Socialização. A interação social tem um impacto significativo na neuroplasticidade e, portanto, na estrutura cerebral. Pesquisas com animais têm revelado que o isolamento social crônico está associado a alterações negativas no cérebro, como diminuição do tamanho do hipocampo, região relacionada à memória e aprendizagem. Além disso, estudos com humanos já demonstraram que a falta de interação social está associada a um maior risco de desenvolvimento de doenças neurodegenerativas.

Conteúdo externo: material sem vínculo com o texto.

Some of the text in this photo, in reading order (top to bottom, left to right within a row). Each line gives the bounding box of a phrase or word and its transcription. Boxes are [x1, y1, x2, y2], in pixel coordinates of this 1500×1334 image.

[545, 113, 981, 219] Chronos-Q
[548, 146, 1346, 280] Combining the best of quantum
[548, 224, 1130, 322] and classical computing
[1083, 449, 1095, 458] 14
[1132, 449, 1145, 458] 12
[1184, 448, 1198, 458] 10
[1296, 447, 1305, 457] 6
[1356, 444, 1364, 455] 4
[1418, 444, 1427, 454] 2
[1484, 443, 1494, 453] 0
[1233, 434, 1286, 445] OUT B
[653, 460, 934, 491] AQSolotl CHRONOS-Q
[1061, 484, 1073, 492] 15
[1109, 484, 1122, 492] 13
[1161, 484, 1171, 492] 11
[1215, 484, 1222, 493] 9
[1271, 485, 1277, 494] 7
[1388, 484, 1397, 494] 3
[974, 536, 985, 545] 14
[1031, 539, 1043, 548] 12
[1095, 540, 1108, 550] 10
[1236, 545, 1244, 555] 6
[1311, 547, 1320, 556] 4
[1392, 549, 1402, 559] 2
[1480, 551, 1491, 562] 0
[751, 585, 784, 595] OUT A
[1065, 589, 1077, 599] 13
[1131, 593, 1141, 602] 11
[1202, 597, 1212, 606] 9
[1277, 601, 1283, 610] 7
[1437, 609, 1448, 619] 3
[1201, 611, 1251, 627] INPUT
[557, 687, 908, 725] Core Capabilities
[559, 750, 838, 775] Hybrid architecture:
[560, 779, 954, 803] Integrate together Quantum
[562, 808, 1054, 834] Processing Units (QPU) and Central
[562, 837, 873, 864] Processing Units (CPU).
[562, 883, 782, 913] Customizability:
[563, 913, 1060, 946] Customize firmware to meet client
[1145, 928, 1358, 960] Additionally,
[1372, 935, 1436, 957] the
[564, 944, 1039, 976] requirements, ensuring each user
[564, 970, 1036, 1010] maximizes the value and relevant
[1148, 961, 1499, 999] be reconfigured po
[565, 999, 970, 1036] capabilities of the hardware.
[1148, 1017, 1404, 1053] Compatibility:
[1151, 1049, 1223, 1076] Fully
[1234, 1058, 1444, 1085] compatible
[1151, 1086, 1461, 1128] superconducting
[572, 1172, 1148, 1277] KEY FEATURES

O primeiro contato com os hábitos saudáveis
Os sentidos são a porta de entrada para o conhecimento. Por meio da experiência sensorial, as pessoas são capazes de processar informações e construir significado. O primeiro contato com um hábito saudável provavelmente será porque alguém lhe falou dele, você leu sobre em um site, ou viu alguém próximo praticá-lo. E mesmo nos primeiros momentos praticando esse novo hábito, o envolvimento dos sentidos estará presente tentando assimilar o novo aprendizado, transportando ele da memória de trabalho para os arquivos de longo prazo, eventualmente tornando esse conhecimento implícito.

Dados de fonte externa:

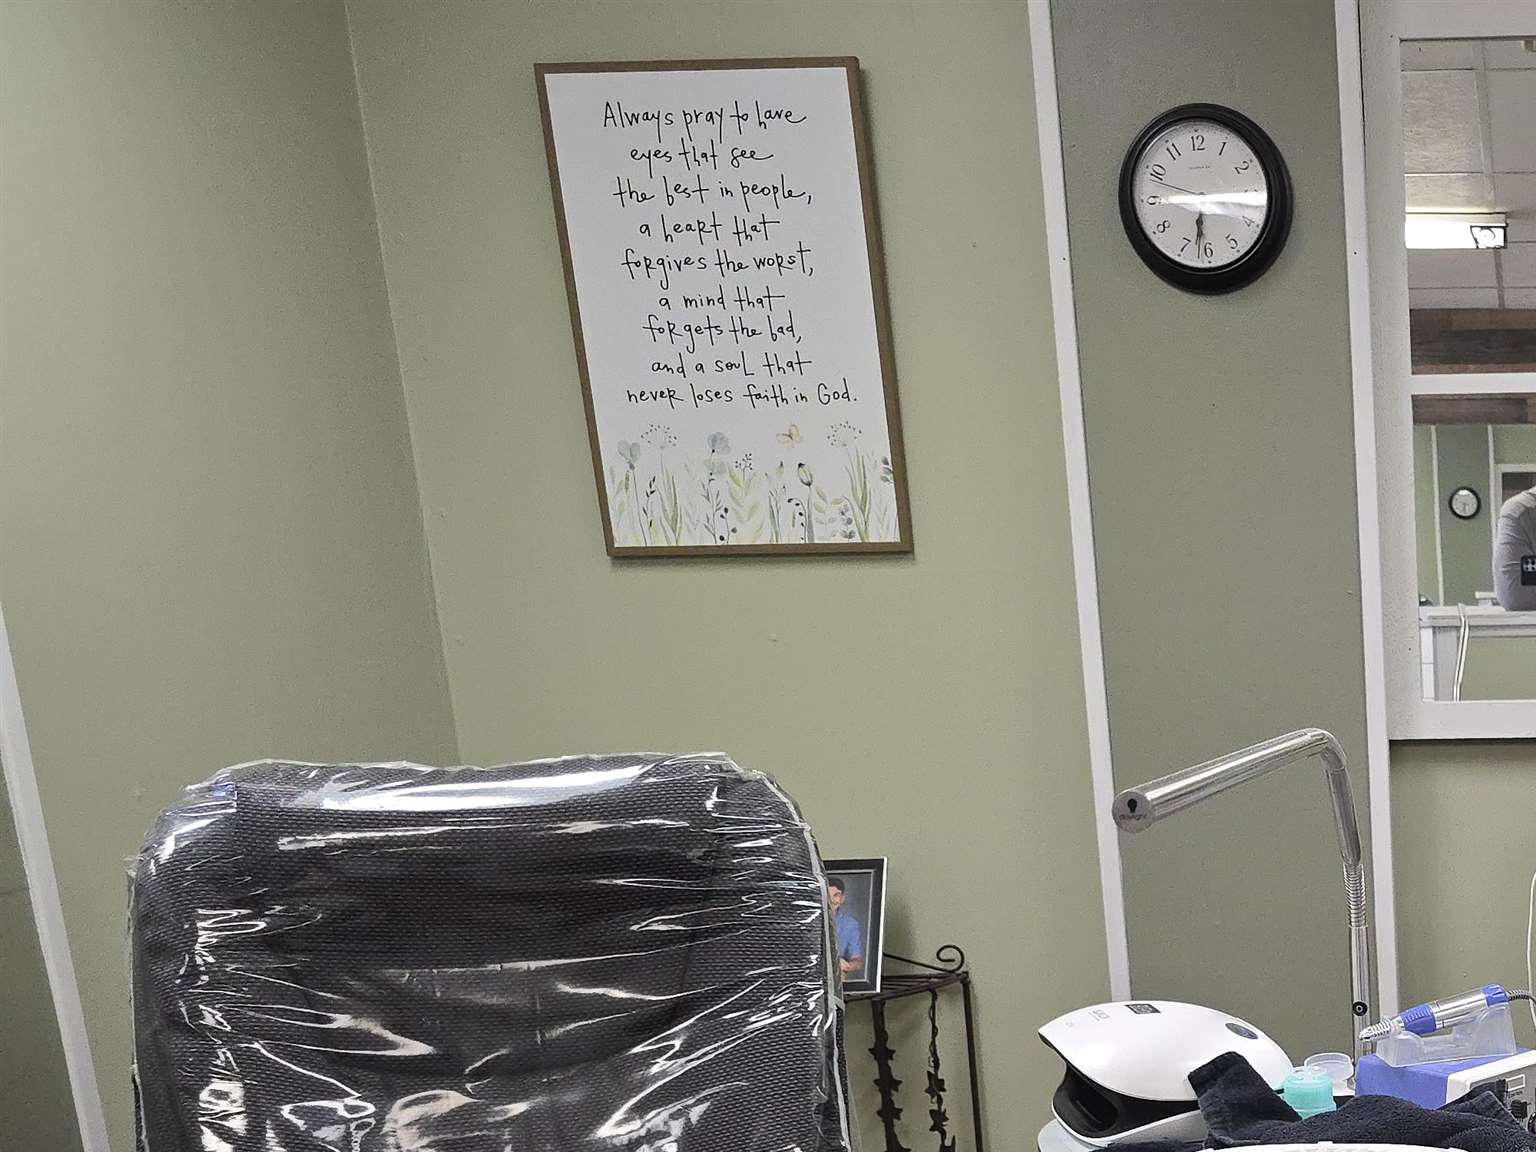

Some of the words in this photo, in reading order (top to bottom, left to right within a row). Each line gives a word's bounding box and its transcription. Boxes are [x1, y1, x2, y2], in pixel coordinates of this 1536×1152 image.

[604, 101, 673, 143] Always
[682, 108, 723, 144] pray
[729, 100, 748, 135] to
[755, 100, 807, 129] have
[1166, 143, 1181, 160] 11
[1191, 135, 1205, 151] 12
[1218, 141, 1226, 156] 1
[631, 149, 672, 179] eyes
[678, 137, 718, 171] that
[731, 147, 774, 168] see
[1234, 160, 1249, 174] 2
[1150, 163, 1166, 181] 10
[613, 176, 655, 208] the
[663, 174, 709, 206] best
[718, 181, 733, 197] in
[740, 174, 811, 212] people,
[640, 224, 651, 237] a
[661, 211, 722, 245] heart
[732, 213, 780, 247] that
[1156, 220, 1171, 234] 8
[1180, 237, 1191, 253] 7
[1204, 242, 1213, 258] 6
[1225, 233, 1238, 249] 5
[621, 248, 707, 290] forgives
[714, 248, 749, 278] the
[753, 241, 813, 277] worst,
[659, 298, 671, 310] a
[683, 284, 726, 310] mind
[733, 286, 785, 312] that
[642, 314, 723, 354] forgets
[729, 316, 762, 344] the
[767, 310, 801, 343] bad,
[652, 352, 686, 378] and
[695, 363, 704, 374] a
[715, 351, 755, 376] soul
[762, 350, 812, 377] that
[627, 388, 684, 409] never
[690, 383, 733, 408] loses
[743, 384, 788, 408] faith
[793, 387, 808, 403] in
[818, 378, 857, 405] God.

Todos os hábitos e comportamentos saudáveis se valem da mesma estrutura neurossensorial quando somos apresentados a eles. Por que não assumir então que a porta de entrada das boas memórias para o cérebro é sempre a mesma (tato, paladar, visão, olfato, audição… e até a sensibilidade interoceptiva), podendo uma atividade estimular a via e beneficiar a outra por conta disso? Ter literalmente aberto o caminho, pavimentado essa via anteriormente?
Uma estrutura neural compartilhada
Continuando a nossa discussão anterior, uma vez que os hábitos foram apreendidos pelo nosso sistema sensorial, eles irão serão processados e armazenados em nosso cérebro. Aqui também podemos assumir, por conta de várias evidências, que essas áreas são relativamente comuns no cérebro, independentemente da qualidade do hábito. Em outras palavras, aprender qualquer coisa nova provavelmente vai envolver estruturas como o hipocampo, o córtex pré-frontal e o estriado. Decisões bem pensadas passarão pelo crivo analítico do córtex pré-frontal dorsolateral, assim como a repetição do bom comportamento será constantemente monitorada pelo sistema de recompensa, especificamente pela ação da dopamina nos núcleos sensíveis a ele, sendo o principal o núcleo accumbens. A construção de uma rotina implícita estará a cargo principalmente do estriado dorsolateral.